Be more organised, stop expecting everything to handed to you on a plate. I don't mind though, it subsidises those of us who do think ahead. Again, it isn't a month - very cheap fares a month in advance, cheaper fares up to a week (and often a few days if you travel at certain times).
You're quite right about making fair cost comparisons between rail and air. People do seem to deliberately forget that booking ahead can save you money on the trains in the same way as the airlines - and there is an annoying habit of comparing advance booked air fares with walk-up rail fares.
However - I do feel quite strongly that as a matter of principle, walk-up rail fares should be affordable. It is more and more the case that when, for example, the government is challenged about the cost of rail travel, they point to the advance fares as examples to say that it is not expensive.
This I find unacceptable because rail isn't just competing with air, but with the private car. I am completely in favour of eliminating domestic air travel where there is a rail alternative, but I actually think that reducing car dependancy is probably more important. The benefits of that are not just environmental but social.
Therefore - if we are to agree that reducing car dependancy is a worthwhile aim (sadly current transport policy doesn't convince me that this is a priority for the government) - it is essential that the cost of rail travel is comparable to the cost of going by car. This is where the principle of walk-up fares comes in because if you are going by car you don't have to plan the exact time you travel a month in advance. You might decide you are going on a certain day, a couple of weeks beforehand, but you don't commit yourself to a particular time (or even a particular route). Advance rail tickets, on the other hand, don't allow you this flexibility - and it is that flexibility that inevitably makes many people choose to travel by car instead of public transport, especially when the cost is less, or equivalent.
People are saying it's unreasonable to expect to be able to go to Glasgow at a day's notice. I disagree. Car drivers have this option, but anyone dependant on public transport doesn't. It's not often that I decide to do a long journey that spontaneously - but that's not really the point. It might be that I want to travel up on a Friday afternoon, and I don't know what time I will get away from work until the day. If I have to book in advance, I will have to book the latest train of the day just in case I can't get away till then. Then I might be done with work early and am then sat around waiting pointlessly for several hours. My counterpart in the car-owner's parallel universe, meanwhile, has set off when it suited him.

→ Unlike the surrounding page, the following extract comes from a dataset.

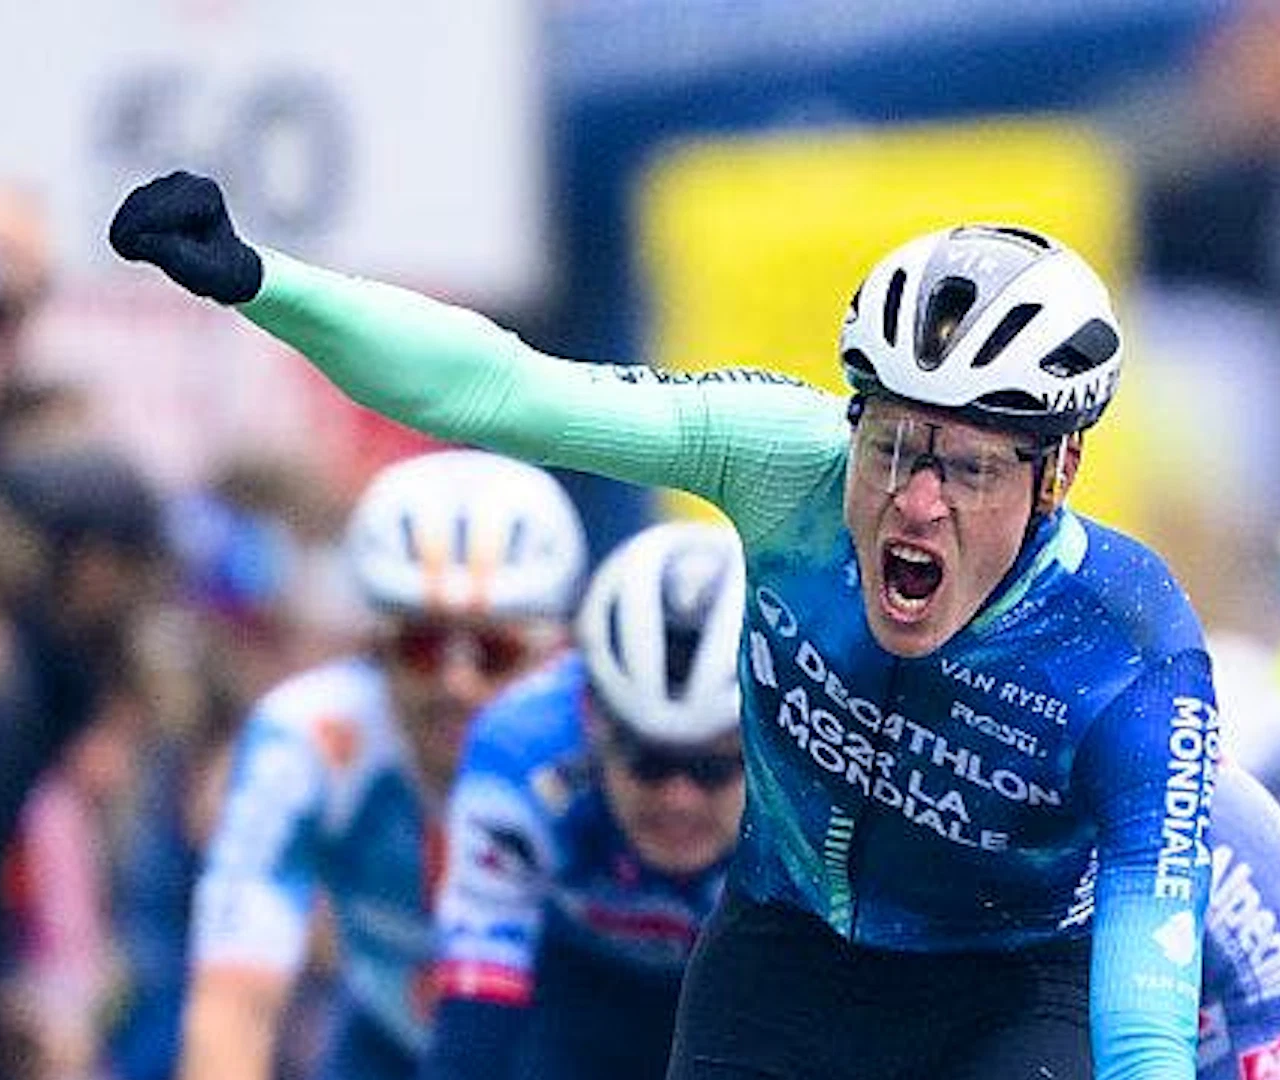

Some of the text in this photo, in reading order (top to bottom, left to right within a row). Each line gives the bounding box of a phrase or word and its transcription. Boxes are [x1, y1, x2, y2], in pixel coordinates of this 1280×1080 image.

Or - and this is something I do quite often - I have spent a week in the north of Scotland and I have a ticket back to London, but I want to stop off in Glasgow to see some friends there. But I want to be able to change my plans at the last minute because if the weather is amazing I might stay up north for an extra day, or if it's crap I'll decide to head south a bit earlier and have more time in Glasgow. None of this is life-critical stuff but the point is that it is a significant factor in many people's decisions about which mode of transport to use.
I don't expect total freedom - I understand the reasons for making peak time travel more expensive - I just think it's reasonable to expect to be able to walk up, on the day, and buy a ticket that lets you choose between several different trains without penalty, and which is priced at a level that means it is at the very most, equivalent to one person making that journey by car. (Ideally, it should be equivalent to the cost per person of three or four people travelling by car, because it is that point at which the energy efficiency of each mode of transport starts to become similar).
This includes being offered a ticket which allows me to easily understand which services it is and isn't valid on. This is not the case at the moment, despite the "simpler fares" propaganda we have been given recently but is largely a failure (I have ranted at length about this on here before - and a recent parliamentary committee agrees with me).
On the wider issue of High Speed Rail vs. investment in local and medium-distance public transport; I'm inclined to agree with the other comments on this thread that the latter is possibly more important. It would be nice to have both of course, but improving local bus services and reconnecting station-less towns seem to offer the greater benefit. There are very few domestic journeys which really need to be done by air so I'd rather tax the majority of domestic flights out of existence and spend the money on transport improvements that will benefit those at the bottom of the pile, before embarking on HS projects that will shave 30 mins of a journey here and there. As far as I'm concerned there's really no justification for flying from London to Edinburgh/Glasgow or anything shorter than that at the moment - whether there's an HSR alternative or not.